Windtree Therapeutics
- Formerly: Discovery Laboratories Inc
- Company type: Public
- Traded as: Nasdaq: WINT
- Industry: Healthcare – biotechnology
- Founded: 1992
- Headquarters: Warrington, Pennsylvania, United States
- Key people: John G. Cooper (Chief Executive Officer, President, Chief Financial Officer, and Director) Thomas F. Miller Ph.D. (Chief Operating Officer) Mr. John A. Tattory (Chief Accounting Officer) (Dec 31, 2012)
- Services: Respiratory critical care
- Revenue: $ 510.00K (Sep 30, 2013)
- Number of employees: 119 (Sep 30, 2013)
- Website: windtreetx.com

= Windtree Therapeutics =

Windtree Therapeutics, Inc. (formerly Discovery Laboratories) is an American company which was set up in 1992 and now is based in Warrington, Pennsylvania, developing drug products (pulmonary medicine) for patients with respiratory disease. The company joined an alliance with Laboratorios del Dr. Esteve, S.A. In 2016, Discovery Laboratories changed name to Windtree Therapeutics, Inc.

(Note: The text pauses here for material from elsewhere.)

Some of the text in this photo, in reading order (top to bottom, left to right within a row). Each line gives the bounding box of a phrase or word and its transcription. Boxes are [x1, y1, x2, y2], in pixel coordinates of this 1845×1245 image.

== Products and services ==
The major products of the company are Surfaxin (based on its capillary aerosol-generating technology) and Aerosurf. Surfaxin is a synthetic, peptide-containing (KL4) surfactant, similar to pulmonary surfactant, which is naturally in the lung for normal respiratory function. The drug is delivered by its capillary aerosol-generating technology to the lung. Aerosurf is a drug-device combination to prevent respiratory distress syndrome (RDS) in premature infants. In addition, the company also provides Afectair devices (disposable aerosol-conducting airway connectors).

== Research and development ==
In November 2013, Discovery Laboratories began its phase II clinical program of aerosolized KL4 since U.S. Food and Drug Administration (FDA) had cleared the investigational new drug (IND) application. The phase II consists of two steps to evaluate the safety and tolerability of the drug and determine the optimal dose for premature infants with respiratory distress syndrome (RDS)

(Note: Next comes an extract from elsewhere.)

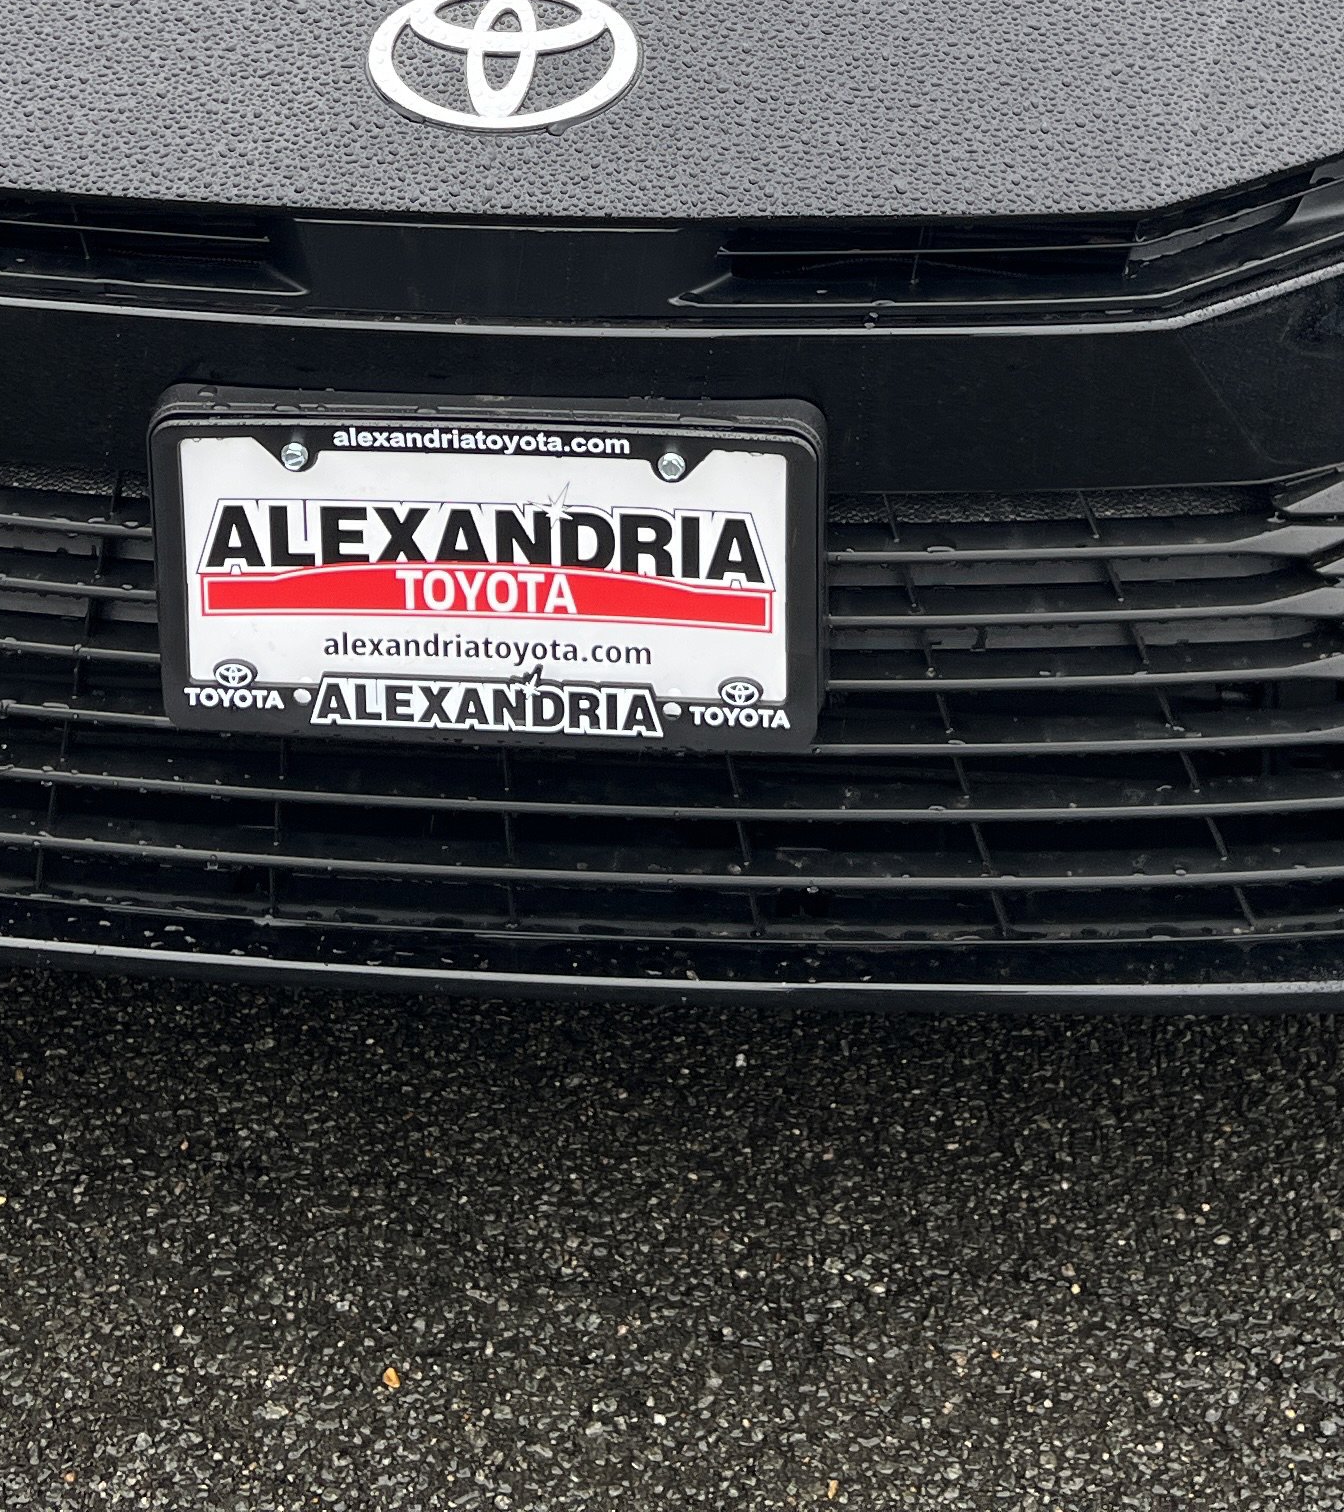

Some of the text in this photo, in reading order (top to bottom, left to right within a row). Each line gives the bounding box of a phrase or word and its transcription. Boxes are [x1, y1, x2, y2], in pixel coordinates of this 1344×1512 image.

In October 2013, Discovery Laboratories received the agreement of updating Surfaxin (lucinactant) Intratracheal Suspension from the U.S. Food and Drug Administration (FDA) to prevent respiratory distress syndrome (RDS) in premature infants.

In September 2012, Discovery Laboratories started the four research projects to explore the KL4 surfactant technology for acute lung injury (ALI). These projects are funded through government-sponsored, biodefense-related initiatives under the Project Bioshield Act of 2004 and the Pandemic and All-Hazards Preparedness Act of 2006.